ICU Day #1 (Friday, June 30th)

4:30 PM: As we get checked into the Emergency Department at Primary Children’s Hospital, the two triage nurses think maybe Drew has developed Type I diabetes, but they check his blood glucose and it is normal. His blood pressure is low, heart rate is racing, and he breathes rapidly and heavily. Drew’s alertness continues to deteriorate as he slouches in the wheelchair. The two nurses and I have to lift him up onto the gurney. He is nearly unconscious at this point. Lots of doctors and nurses and other health care team members rush into Drew’s room in the Emergency Department as “Code Sepsis” blares over the intercom. Several nurses rush to start two IVs and begin pumping him full of fluid. Vial after vial of blood samples are taken and rushed off to the lab. Urine samples, finger pokes, physical exam, pupil reactions, and other vital signs that can be checked are assessed, but nothing obvious to explain Drew’s confusion and loss of consciousness.

5:15 PM: Grandpa Olsen arrives from work, followed 15 minutes later by Drew’s mother and sister from Girls’ Camp. A priesthood blessing is administered and tears are shed as Drew lies on the gurney unconscious.

8:30 PM: While waiting outside Radiology, I call Drew’s brother who is working in Kentucky for the summer. He is scared and really worried despite all I can do to assure him. I tell him at this point, we don’t know what it is, so not to make plans yet to fly home. After the CT scan is finished, we help the nurses and techs return Drew to his room, and then the doctors prepare to perform a lumbar puncture, or spinal tap. We retreat to the ICU Waiting Room where several family members are anxiously waiting.
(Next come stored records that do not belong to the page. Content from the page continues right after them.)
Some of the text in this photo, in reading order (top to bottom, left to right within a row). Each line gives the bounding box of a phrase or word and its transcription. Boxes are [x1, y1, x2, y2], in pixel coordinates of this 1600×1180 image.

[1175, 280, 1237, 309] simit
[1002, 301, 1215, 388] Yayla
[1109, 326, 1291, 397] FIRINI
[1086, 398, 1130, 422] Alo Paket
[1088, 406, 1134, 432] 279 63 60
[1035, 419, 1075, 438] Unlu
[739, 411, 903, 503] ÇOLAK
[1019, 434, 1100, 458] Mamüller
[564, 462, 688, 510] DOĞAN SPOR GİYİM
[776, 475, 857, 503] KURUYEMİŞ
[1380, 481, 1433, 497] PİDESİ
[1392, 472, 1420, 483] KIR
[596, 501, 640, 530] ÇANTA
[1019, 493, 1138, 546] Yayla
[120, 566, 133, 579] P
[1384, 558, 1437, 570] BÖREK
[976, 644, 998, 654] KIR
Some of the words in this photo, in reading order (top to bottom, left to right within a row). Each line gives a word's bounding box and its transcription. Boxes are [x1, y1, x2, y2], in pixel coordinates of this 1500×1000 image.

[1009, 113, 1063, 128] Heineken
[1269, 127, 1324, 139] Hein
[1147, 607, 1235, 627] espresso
10:30 PM: The doctors in the ICU just finished the lumbar puncture. Many of the labs have so far come back negative for any infections, and all of his labs are normal with the exception of his liver enzymes that are sky-high, but the spike in liver enzymes would not explain his altered mental status. The ICU doctor explains that at this point, the preliminary diagnosis is a viral encephalopathy, but even that is unsure based upon his initial lumbar puncture results. The CT scan of his head was also perfectly normal, which is good news, but still gets us no closer to a diagnosis.

ICU Day #2 (Saturday, July 1st, 2017)

1:30 AM: At times, Drew will partially awaken, but simply groans and restlessly turns from side to side in the bed. He just became extremely agitated and he screamed while trying to climb out of bed. He pulled one of his IVs out. He cannot stop screaming and he is incredibly strong. Four nurses and I jump on his arms and legs to keep him from sliding out of bed or pulling his other IV out. His nurse rushes to get some medicine to calm him down, and they are finally able to sedate him and tie his arms and legs down, but not after Drew kicked a male nurse squarely in the chest. I apologize to the nurse. He just shrugs his shoulders and nods as he walks away rubbing his chest.
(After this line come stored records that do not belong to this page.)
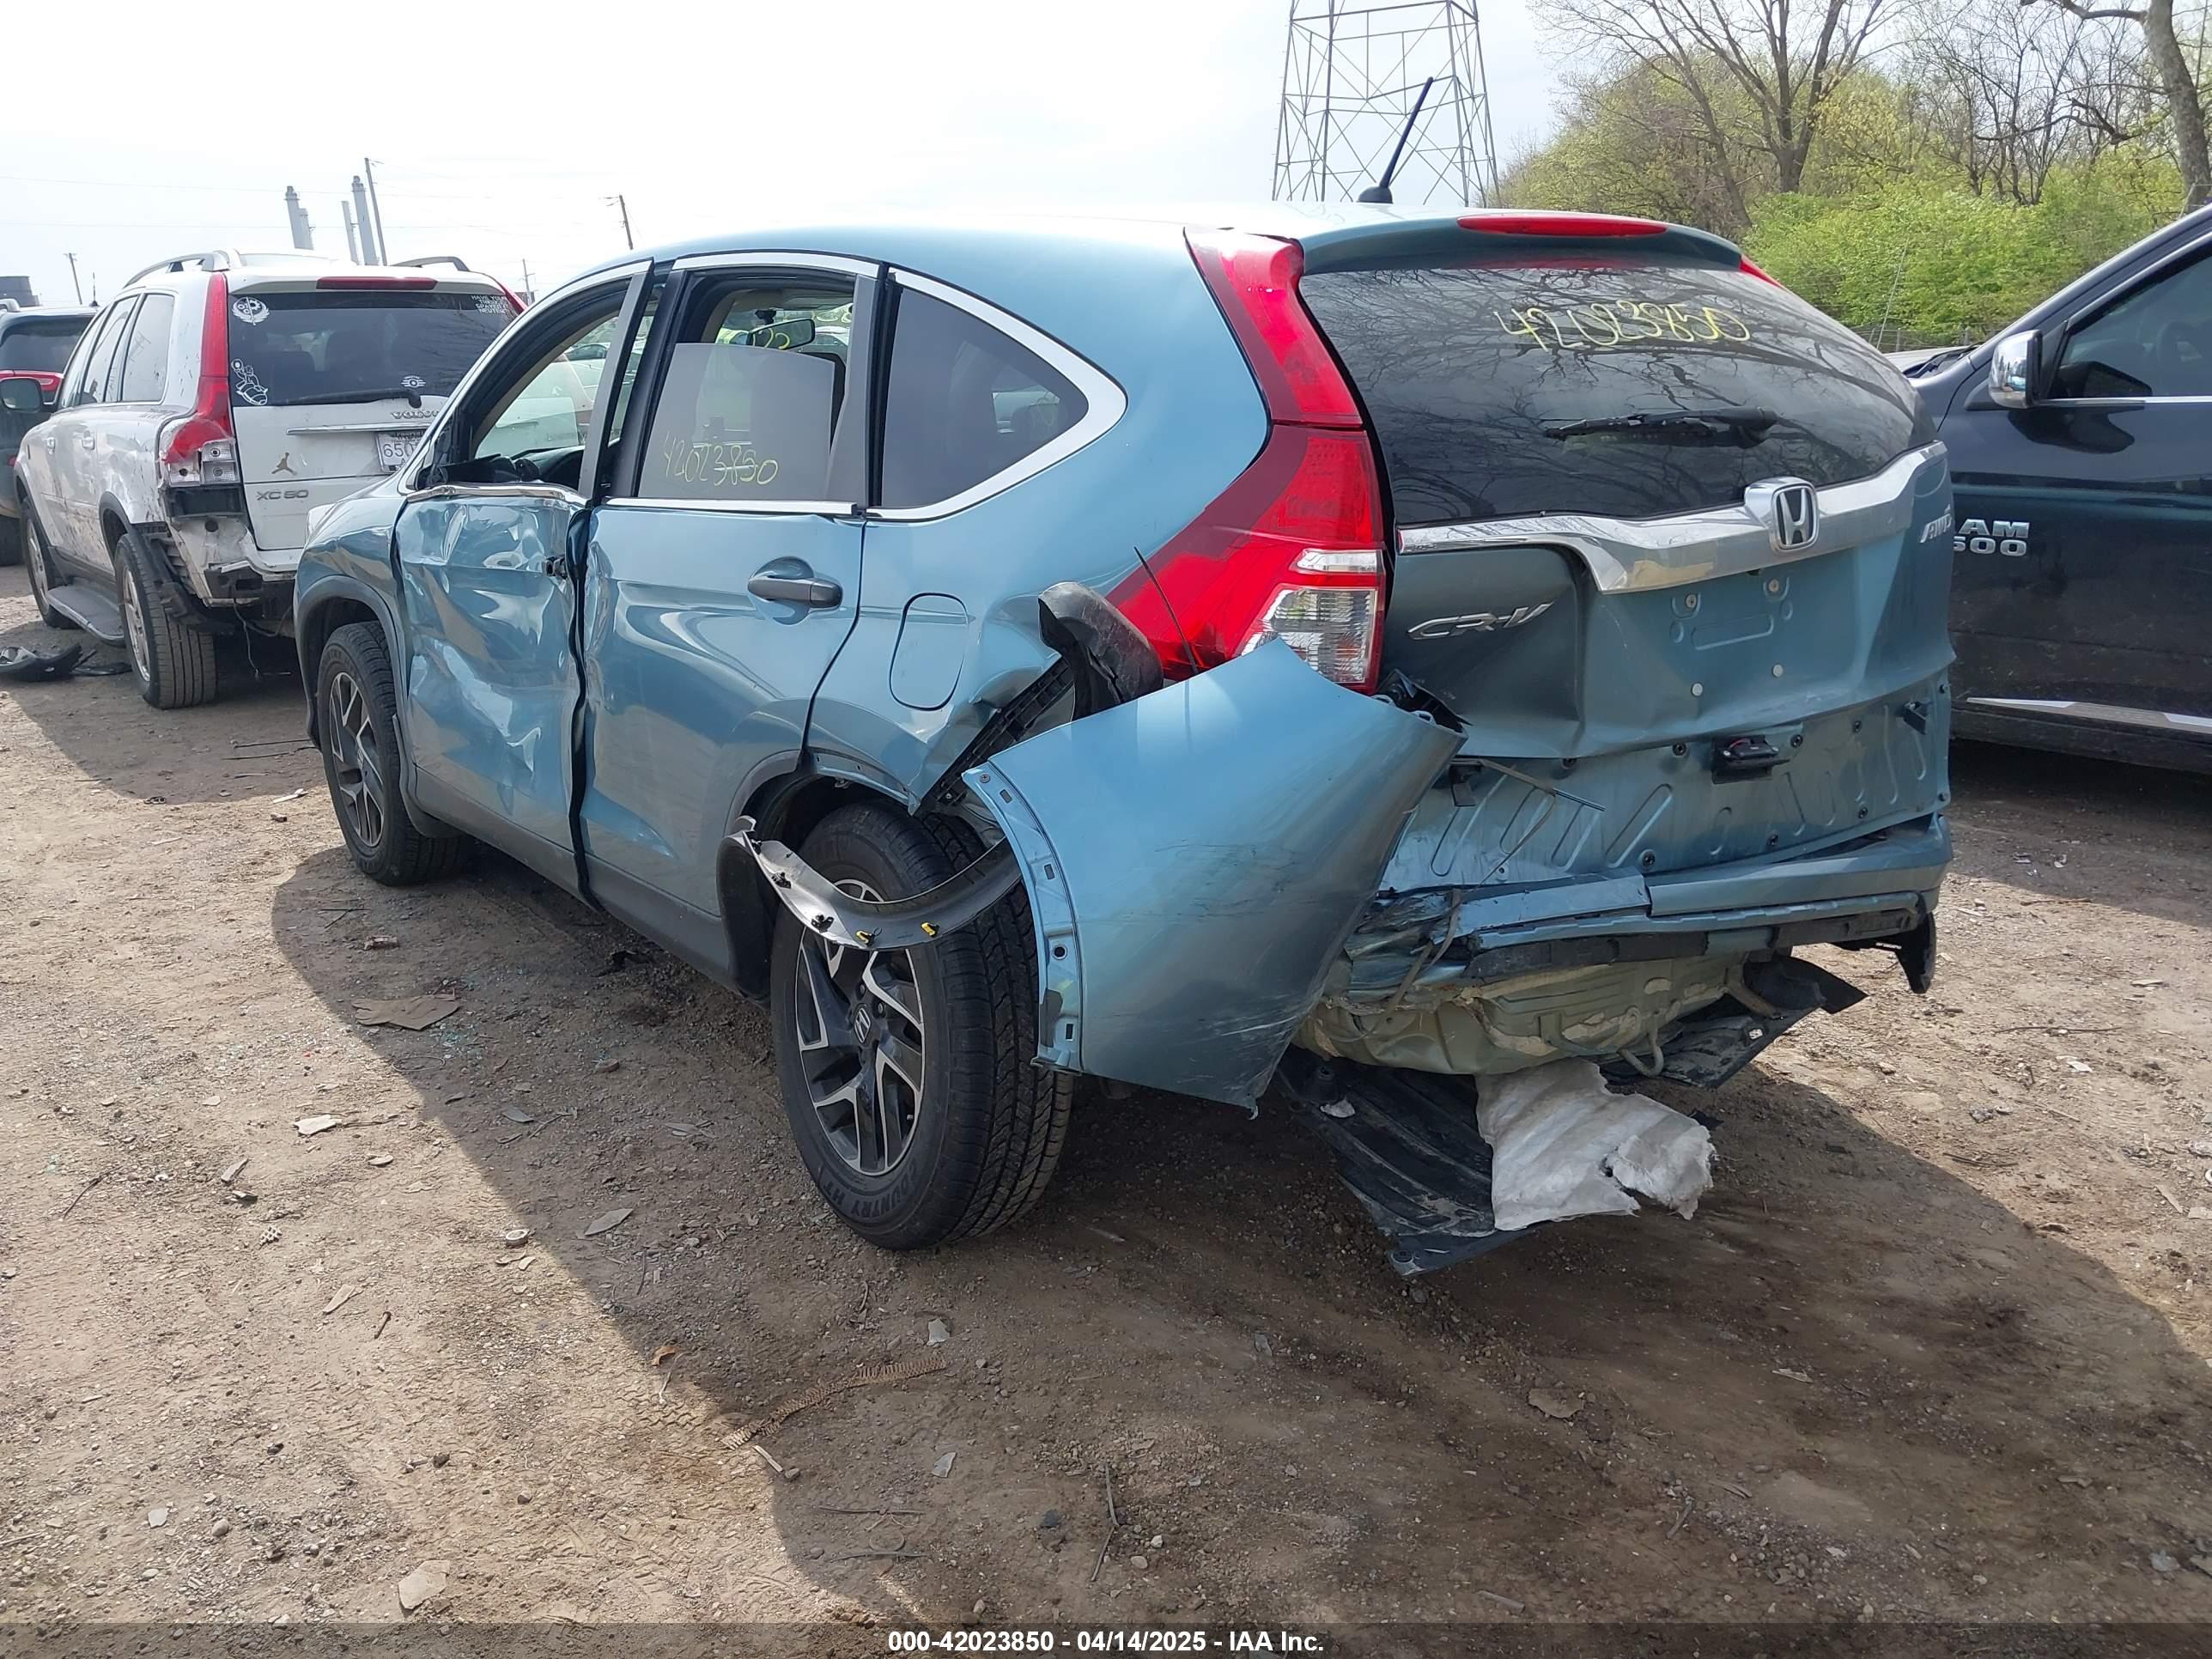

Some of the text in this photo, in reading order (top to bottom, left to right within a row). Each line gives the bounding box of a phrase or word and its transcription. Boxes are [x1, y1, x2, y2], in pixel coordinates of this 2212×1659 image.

[1493, 300, 1751, 352] 42023850
[664, 433, 779, 486] 42023850
[1953, 536, 2027, 557] 500
[1958, 518, 2031, 538] AM
[1407, 600, 1554, 641] CR-V
4:30 AM: Drew again started screaming and trying to climb out of bed.  They were trying to start another IV and he freaked out. He is so strong, he broke one of the arm restraints and he is flailing his arm trying to punch the nurses. This time we have 6 nurses and myself holding him down as he keeps trying to rip off all of his monitors and IVs. He continues to scream and even says a few words over and over: “I don’t feel good. I can’t do this. Please help me.” Once we finally get him sedated and calmed down, his mother runs out of the room and cries in the hallway. I follow after her and hold her in my arms to calm her down. “What is wrong with my son?” She asks. “Why is he doing this?” I don’t know, and neither do the doctors.

9:00 AM: Drew finally calmed down about 5:30 AM after two different sedatives were administered. The doctors just did rounds and said all of his lab work and the initial results from his lumbar puncture are all pretty much normal except for his liver enzymes, so they plan to have the Neurology doctors come by to consult on his condition.
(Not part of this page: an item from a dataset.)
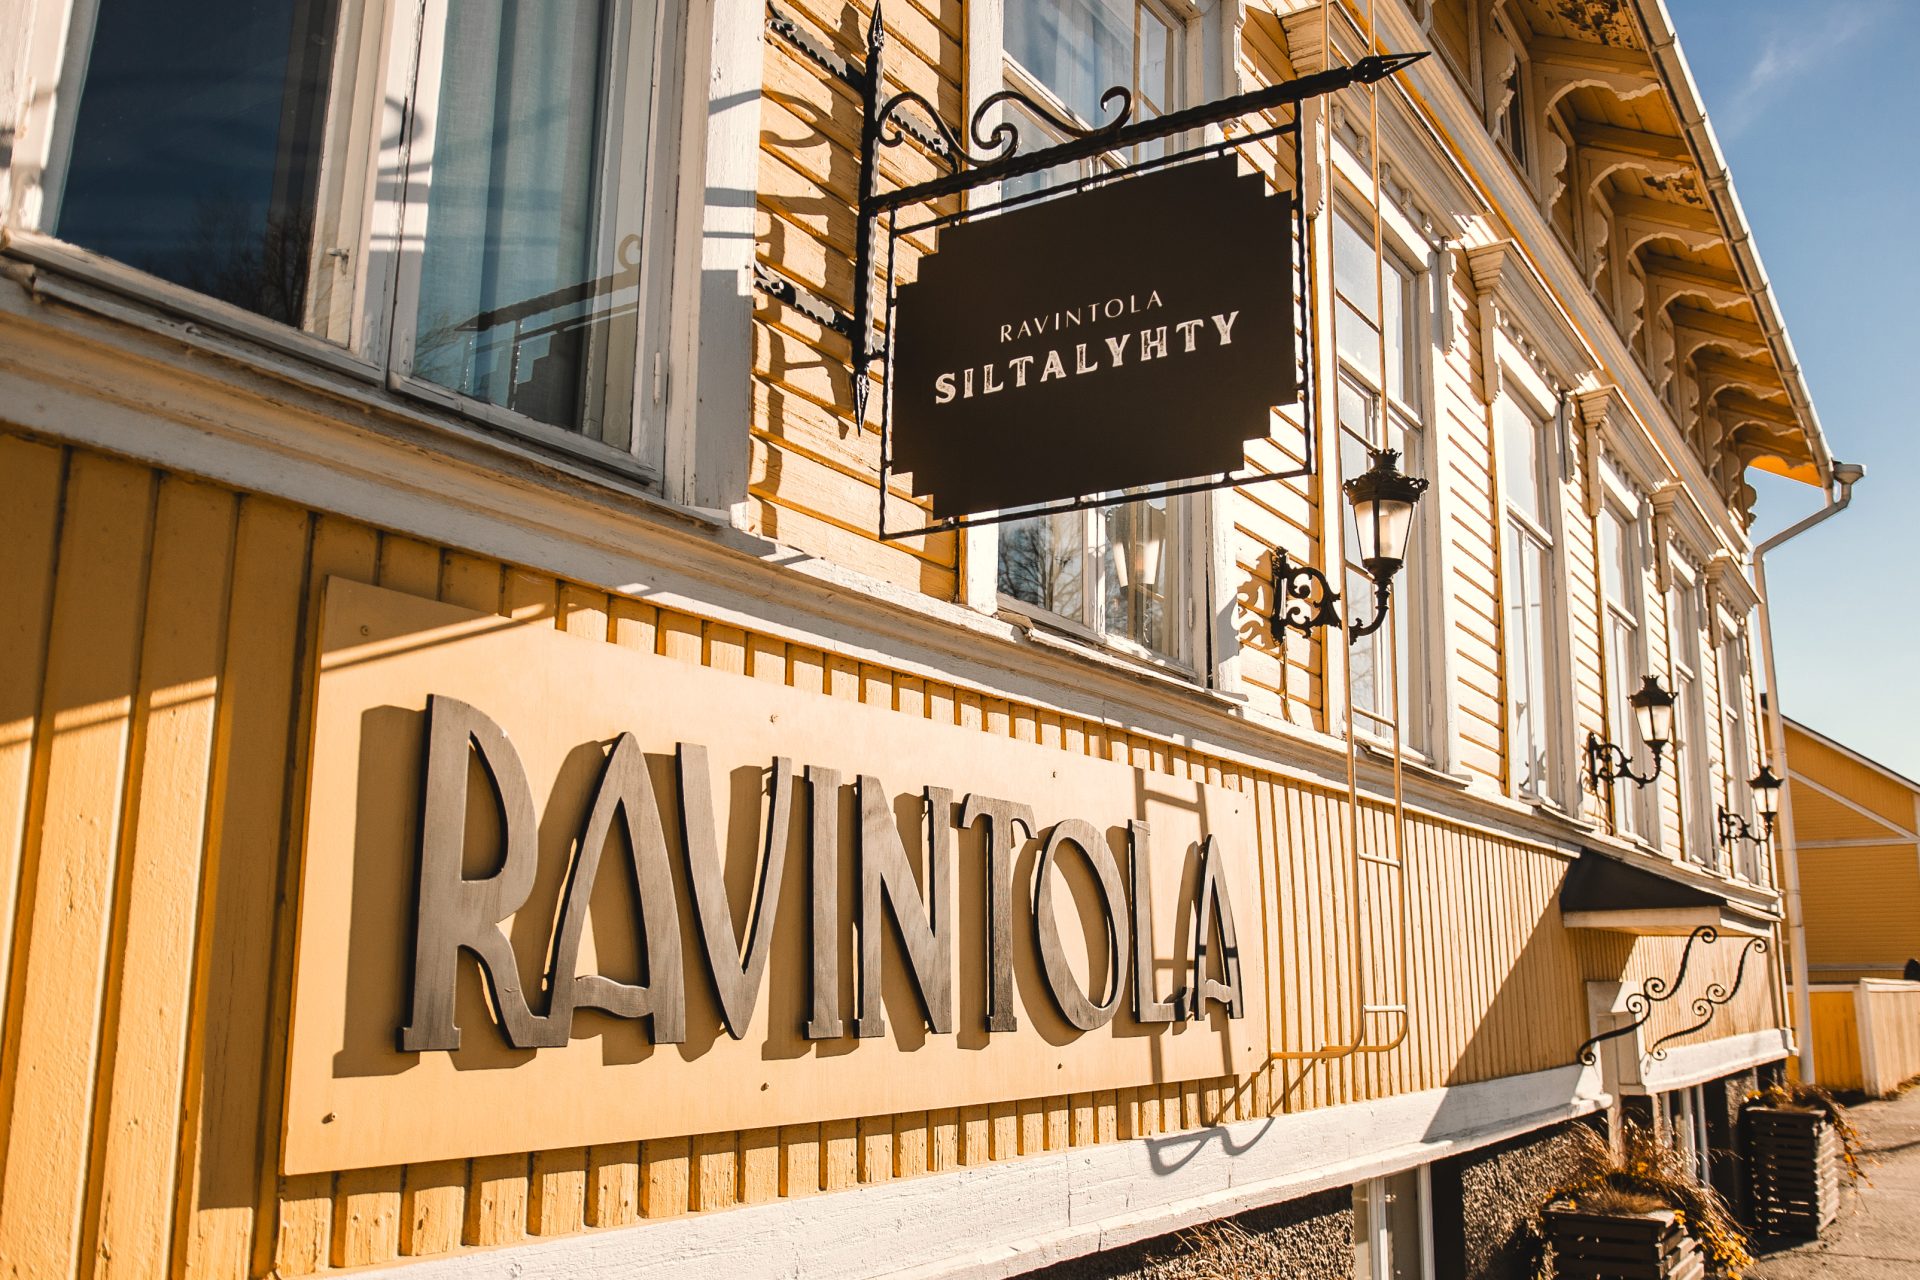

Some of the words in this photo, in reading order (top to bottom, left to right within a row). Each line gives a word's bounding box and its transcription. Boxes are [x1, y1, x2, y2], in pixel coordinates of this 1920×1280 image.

[935, 311, 1240, 404] SILTALYHTY
[1001, 290, 1163, 343] RAVINTOLA
[397, 693, 1245, 1051] RAVINTOLA
11:30 AM: The Neurology doctors arrive and begin to examine Drew. They can arouse him briefly, but he simply lies there and groans. He cannot talk, nor can he follow any of their commands. They tell us that his vital signs are good and his lab work suggests that his altered mental status is not due to any type of infectious agent. They plan to do more tests, including an ultrasound of his liver and gall bladder to see if there may be another reason for his extremely high liver enzymes. They also plan to use the remaining samples of cerebral spinal fluid (CSF) to test for exposure to less common viruses, such as Epstein-Barr and West Nile.

8:30 PM: Ultrasound of his abdomen was normal. CT scan was normal. All labs and tests to date have been negative for any causative agents. Drew has drifted in and out of consciousness all day, and when he is partially awake, he is combative and confused. Hospital security had to bring in the heavy-duty arm and leg restraints because he broke a second arm restraint this afternoon while the nurses were trying to place a new IV (he has now pulled out two IVs). Much of the family is talking in the dingy, poorly lit, ICU Waiting Room, but it is cozy and warm this evening due to the love and support of our family. Because of the uncertainty of what we are dealing with, plans have been made for his brother to fly home from Kentucky the following morning.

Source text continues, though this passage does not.